• Your instructions
Produce an exact transcription of the listing below, omitting the pictures.

(Beginning of Exercise materials)

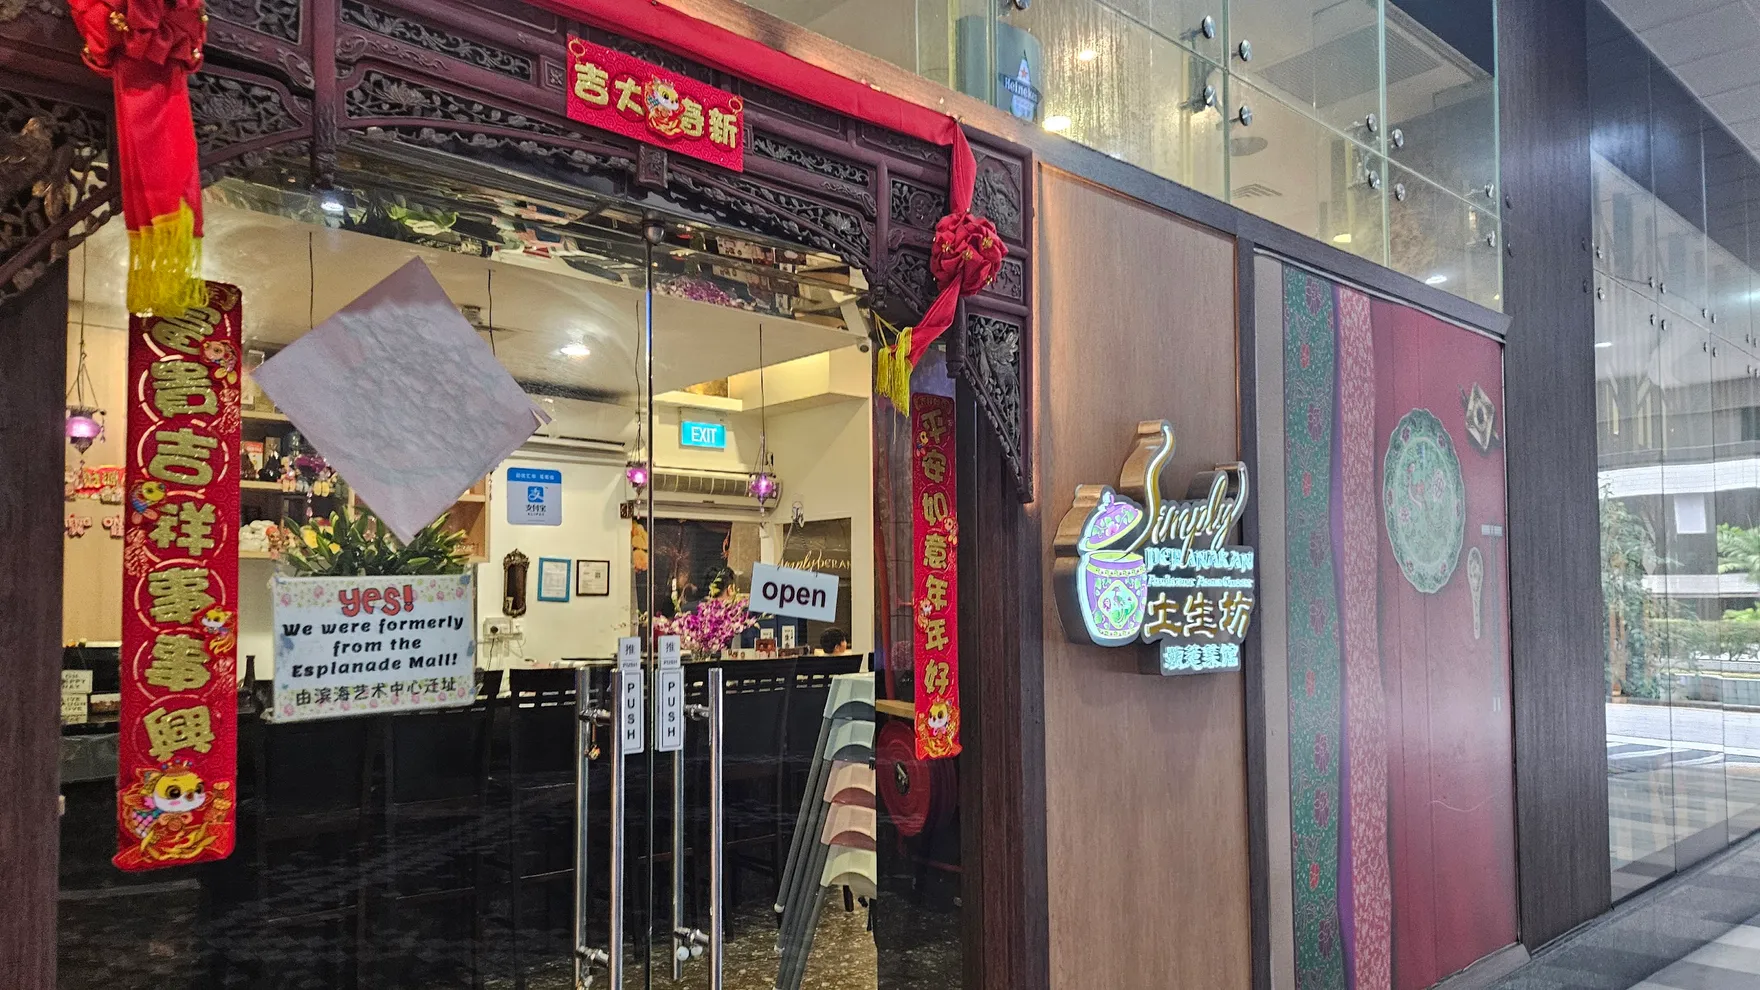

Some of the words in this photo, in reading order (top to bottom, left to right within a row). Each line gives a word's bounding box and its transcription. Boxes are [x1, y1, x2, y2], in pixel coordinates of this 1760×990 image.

[691, 426, 717, 444] EXIT
[1121, 425, 1246, 567] Simply
[921, 408, 949, 694] 平安如意年年好
[762, 581, 826, 609] open
[282, 623, 313, 637] We
[321, 620, 371, 635] were
[378, 615, 464, 634] formerly
[1144, 590, 1253, 638] 土生坊
[333, 639, 382, 657] from
[390, 637, 422, 651] the
[625, 643, 635, 655] 推
[666, 642, 675, 653] 推
[291, 656, 401, 679] Esplanade
[409, 652, 458, 669] Mall!
[296, 676, 457, 707] 由滨海艺术中心迁址
[627, 682, 636, 740] PUSH
[667, 681, 676, 738] PUSH

(End of Exercise materials)

• Worked solution
Some of the words in this photo, in reading order (top to bottom, left to right within a row). Each line gives a word's bounding box and its transcription. Boxes are [x1, y1, x2, y2], in pixel coordinates of this 1760×990 image.

[691, 426, 717, 444] EXIT
[1121, 425, 1246, 567] Simply
[921, 408, 949, 694] 平安如意年年好
[762, 581, 826, 609] open
[282, 623, 313, 637] We
[321, 620, 371, 635] were
[378, 615, 464, 634] formerly
[1144, 590, 1253, 638] 土生坊
[333, 639, 382, 657] from
[390, 637, 422, 651] the
[625, 643, 635, 655] 推
[666, 642, 675, 653] 推
[291, 656, 401, 679] Esplanade
[409, 652, 458, 669] Mall!
[296, 676, 457, 707] 由滨海艺术中心迁址
[627, 682, 636, 740] PUSH
[667, 681, 676, 738] PUSH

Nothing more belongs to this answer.